I occasionally get locale errors and I've tried to run dpkg-reconfigure locales to fix the problem. Here's the output:

:~$ sudo dpkg-reconfigure locales
perl: warning: Setting locale failed.
perl: warning: Please check that your locale settings:
    LANGUAGE = (unset),
    LC_ALL = (unset),
    LC_CTYPE = "UTF-8",
    LANG = "en_US.UTF-8"
    are supported and installed on your system.
perl: warning: Falling back to the standard locale ("C").
locale: Cannot set LC_CTYPE to default locale: No such file or directory
locale: Cannot set LC_ALL to default locale: No such file or directory
/usr/bin/locale: Cannot set LC_CTYPE to default locale: No such file or directory
/usr/bin/locale: Cannot set LC_ALL to default locale: No such file or directory
Generating locales (this might take a while)...
  en_US.UTF-8... done
Generation complete.
perl: warning: Setting locale failed.
perl: warning: Please check that your locale settings:
    LANGUAGE = (unset),
    LC_ALL = (unset),
    LC_CTYPE = "UTF-8",
    LANG = "C"
    are supported and installed on your system.
perl: warning: Falling back to the standard locale ("C").
perl: warning: Setting locale failed.
perl: warning: Please check that your locale settings:
    LANGUAGE = (unset),
    LC_ALL = (unset),
    LC_CTYPE = "UTF-8",
    LANG = "C"
    are supported and installed on your system.
perl: warning: Falling back to the standard locale ("C").

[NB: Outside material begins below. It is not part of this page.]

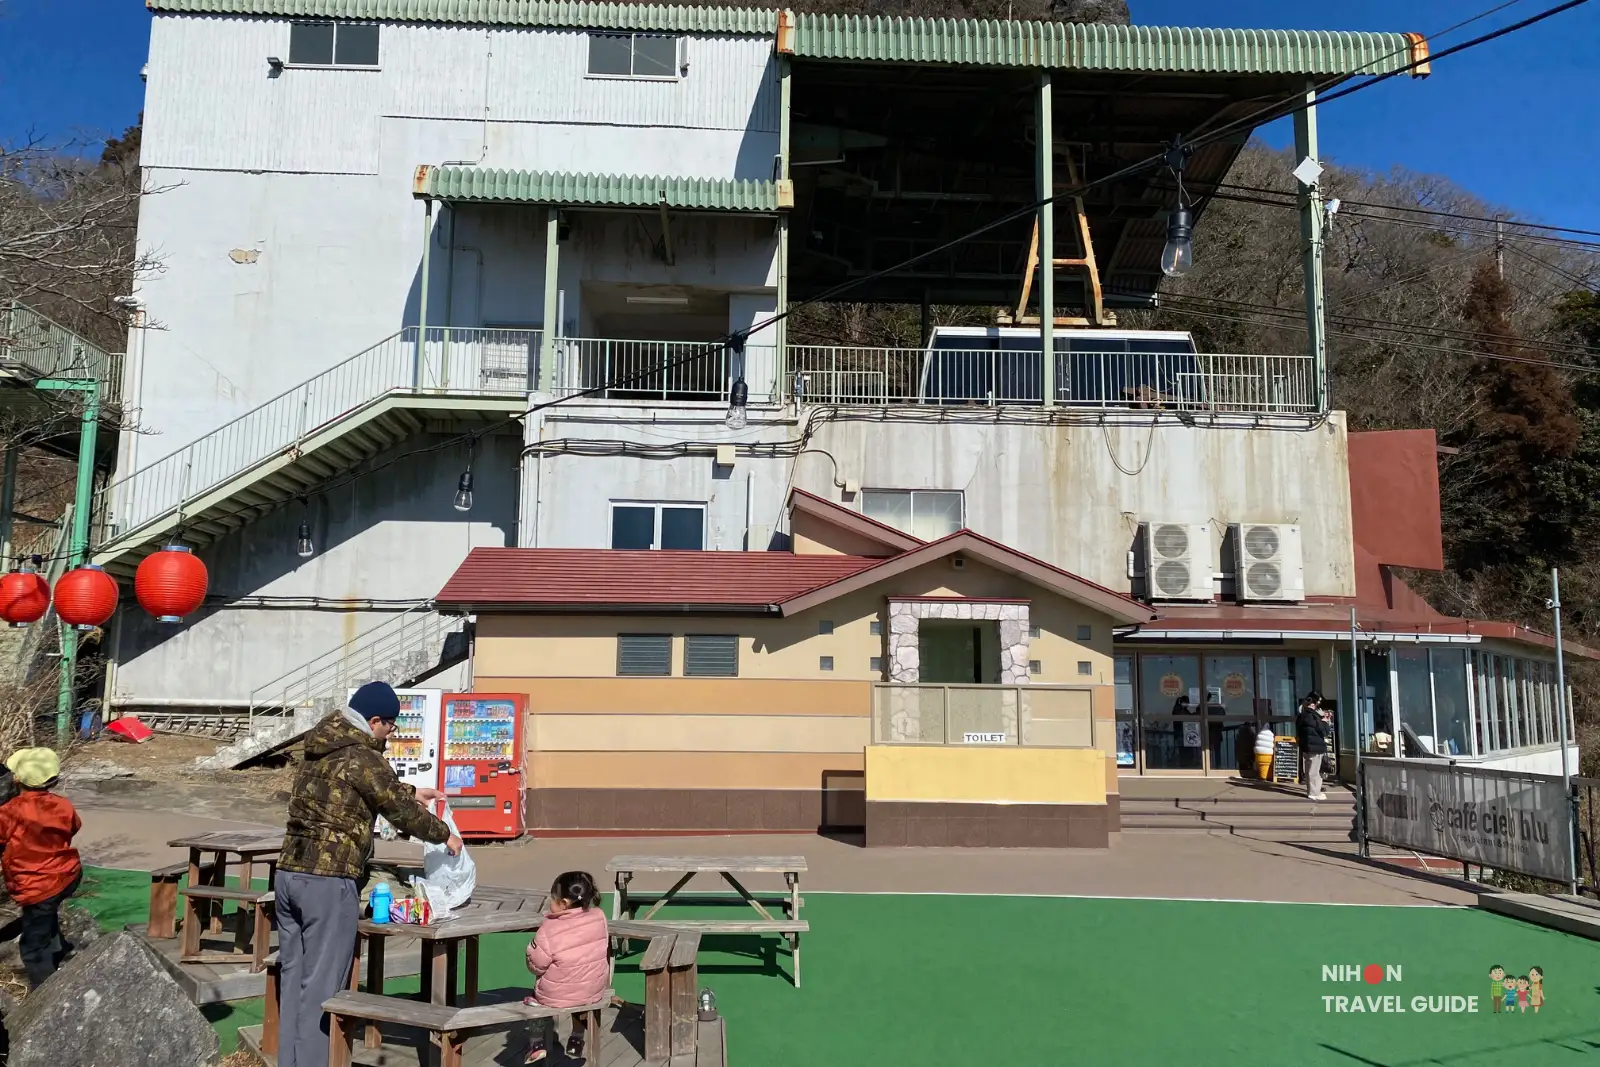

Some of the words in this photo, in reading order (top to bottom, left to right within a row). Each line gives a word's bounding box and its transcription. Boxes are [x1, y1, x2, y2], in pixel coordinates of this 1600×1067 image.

[965, 734, 1003, 742] TOILET
[1447, 802, 1477, 831] café
[1521, 810, 1548, 844] blu

I looked for /usr/bin/locale but it doesn't exist on my system. Do I need to create it? What do I put in there?

Also I found a related question that says the cause of his problem was in the sshd_config file. The file had the following entry:

AcceptEnv LANG LC_*

I'm mainly concerned that it may cause problems for my VPS, otherwise if it's nothing major I'll be happy to ignore the problem. What should I do? thanks!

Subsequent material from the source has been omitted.